(Beyrouth) Le Liban a entamé jeudi le premier jour d’un confinement particulièrement strict imposé par les autorités pendant onze jours, afin de ralentir la progression exponentielle des cas de nouveau coronavirus et soulager un secteur hospitalier sous pression.

Un couvre-feu de 24 heures sur 24 est entré en vigueur jusqu’au 25 janvier après que certains hôpitaux ont commencé à manquer de lits pour traiter les patients atteints du nouveau coronavirus.

Depuis fin décembre, le Liban connaît une propagation exponentielle du virus, avec des pics quotidiens jamais observés depuis l’apparition de la pandémie en février 2020. Jeudi, un nouveau record a été rapporté avec 41 décès ces dernières 24 heures, tandis que 5196 nouvelles contaminations ont été enregistrées.

Toutefois, des habitants ont parfois bravé les restrictions dans certains quartiers de la capitale et les banlieues aux rues largement vides. Des supérettes, épiceries et boulangeries restent ouvertes pour servir les riverains, qui se déplaçaient malgré l’interdiction.

Les forces de sécurité intérieure ont toutefois estimé à 94 % le niveau de respect du couvre-feu à la mi-journée, alors que les forces de l’ordre et les polices municipales mènent des patrouilles régulières et ont aménagé des barrages mobiles pour contrôler les voitures et sanctionner les contrevenants.

En vertu des nouvelles mesures, les Libanais ne peuvent officiellement pas sortir de chez eux pendant ce confinement, même pas pour des courses alimentaires ou faire de l’exercice par exemple. Les supermarchés sont ouverts pour effectuer des livraisons uniquement.

Ces derniers jours, les habitants se sont rués sur les supermarchés et les pharmacies pour s’approvisionner.

Les Urgences « remplies »

Le durcissement intervient alors que des patients ont dû attendre pendant des heures aux services d’urgences avant d’obtenir un lit en soins intensifs.
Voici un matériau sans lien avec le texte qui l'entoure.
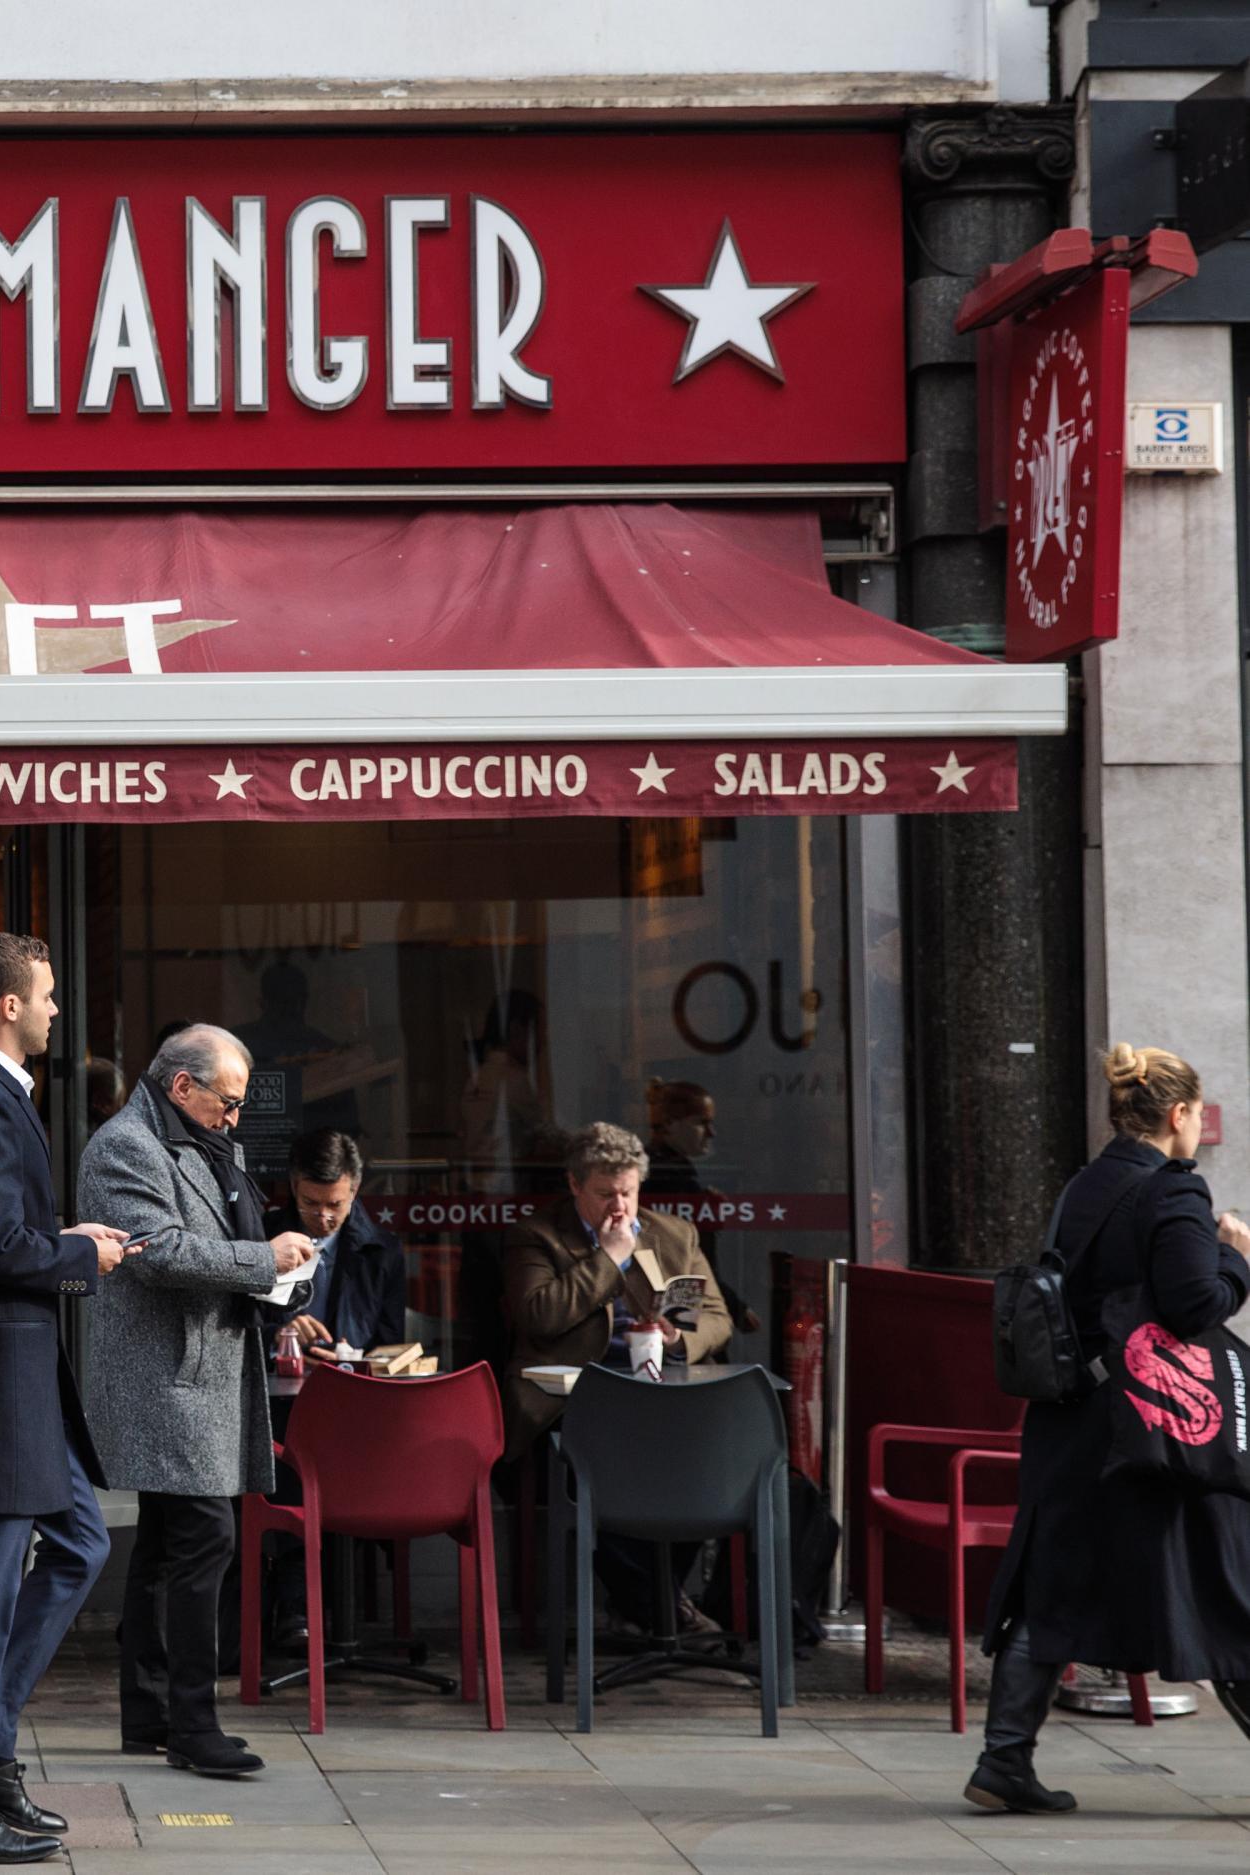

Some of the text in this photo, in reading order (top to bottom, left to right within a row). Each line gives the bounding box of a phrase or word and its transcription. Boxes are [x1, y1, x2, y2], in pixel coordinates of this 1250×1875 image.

[1015, 328, 1094, 480] ORGANIC COFFEE
[1015, 505, 1087, 629] NATURAL FOOD
[288, 753, 588, 801] CAPPUCCINO
[713, 751, 887, 797] SALADS
[1234, 1380, 1247, 1417] CRAFT
Certains ont même été contraints de se faire soigner à domicile ou dans leur voiture.

Jeudi, le directeur de l’hôpital Geitawi, le père Pierre Yared, a évoqué une « situation exceptionnelle », faisant état d’un afflux de nouveaux patients atteints de la COVID-19 dans la nuit.  

Il a indiqué à l’AFP que les admissions au service des urgences de l’hôpital avaient augmenté de « 30 à 40 % ».
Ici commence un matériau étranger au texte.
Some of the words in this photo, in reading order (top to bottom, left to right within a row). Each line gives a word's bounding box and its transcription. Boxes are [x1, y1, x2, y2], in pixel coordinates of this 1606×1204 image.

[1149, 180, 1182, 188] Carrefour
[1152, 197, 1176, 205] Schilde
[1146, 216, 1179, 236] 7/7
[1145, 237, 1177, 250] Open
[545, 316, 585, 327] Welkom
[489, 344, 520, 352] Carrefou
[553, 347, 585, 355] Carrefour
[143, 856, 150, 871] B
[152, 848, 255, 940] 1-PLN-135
« Le service des urgences est saturé de patients atteints du coronavirus, il n’y a plus de patients ordinaires », a-t-il ajouté.
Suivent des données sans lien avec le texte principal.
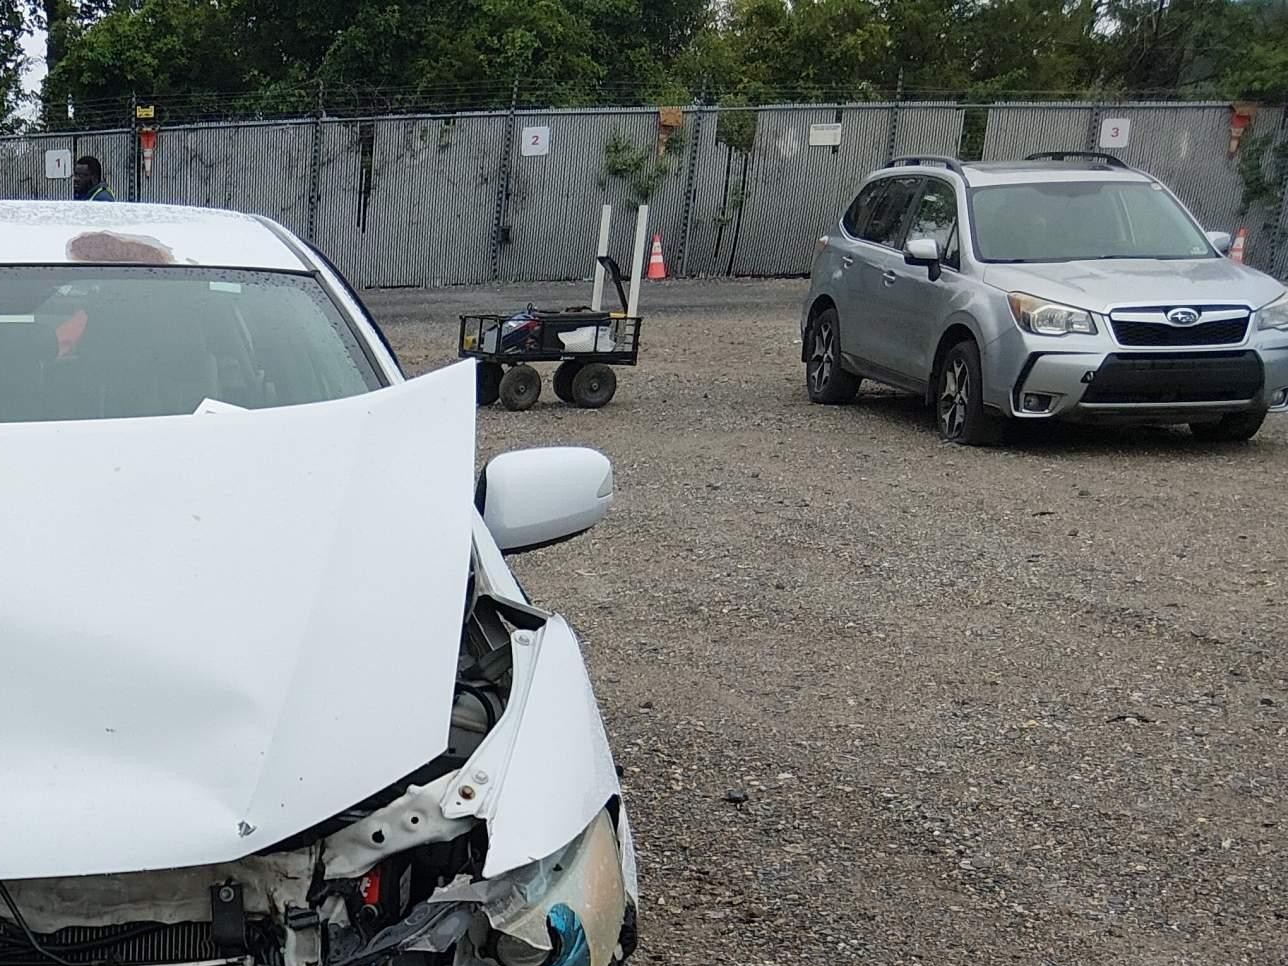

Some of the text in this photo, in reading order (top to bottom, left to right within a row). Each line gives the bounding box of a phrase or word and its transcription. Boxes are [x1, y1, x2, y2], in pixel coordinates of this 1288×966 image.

Le pays de six millions d’habitants a recensé jusqu’ici 237 132 cas, dont 1781 décès.

Des attestations de déplacement-pour se rendre chez un médecin ou à l’aéroport par exemple-sont possibles à travers l’envoi d’un texto ou en remplissant un formulaire en ligne mis en place par les autorités.

Quelques exceptions sont en outre prévues pour le déplacement du personnel de santé, des journalistes et des employés du secteur alimentaire.

« Très préoccupés »

La flambée actuelle du virus est largement due à l’assouplissement des restrictions pendant les fêtes de fin d’année, avec notamment restaurants, bars et discothèques ouverts jusqu’à 3 heures du matin.

Et cette propagation exponentielle n’a épargné quasiment personne.

Mercredi, le ministre intérimaire de la Santé, Hamad Hassan, a été hospitalisé après avoir contracté la COVID-19.

Certains craignent que les mesures strictes désormais en vigueur n’aggravent les conditions de vie, déjà largement précaires, des familles vulnérables dans un pays en proie à sa pire crise économique depuis des décennies et où la moitié de la population vit sous le seuil de la pauvreté.

« Nous sommes très préoccupés par le fait que les familles vulnérables et leurs enfants seront livrés à eux-mêmes », a averti lundi l’ONG Save the Children.

Face à l’ampleur de la double crise sanitaire et économique, la Banque mondiale a approuvé mardi une aide d’urgence de 246 millions de dollars (202 millions d’euros) pour venir en aide à 786 000 Libanais.

Mais les modalités et la date de déboursement de cette aide ne sont pas encore claires.

Le Liban connaît depuis l’automne 2019 sa pire crise économique et financière depuis des décennies ayant entraîné une baisse de 19,2 % du PIB en 2020, une inflation à trois chiffres et une paupérisation à grande échelle, estime la Banque mondiale.

La crise économique a été aggravée par une instabilité politique qui perdure depuis octobre 2019 et la pandémie mondiale, qui a déjà contraint le pays à décréter plusieurs confinements depuis mars 2020.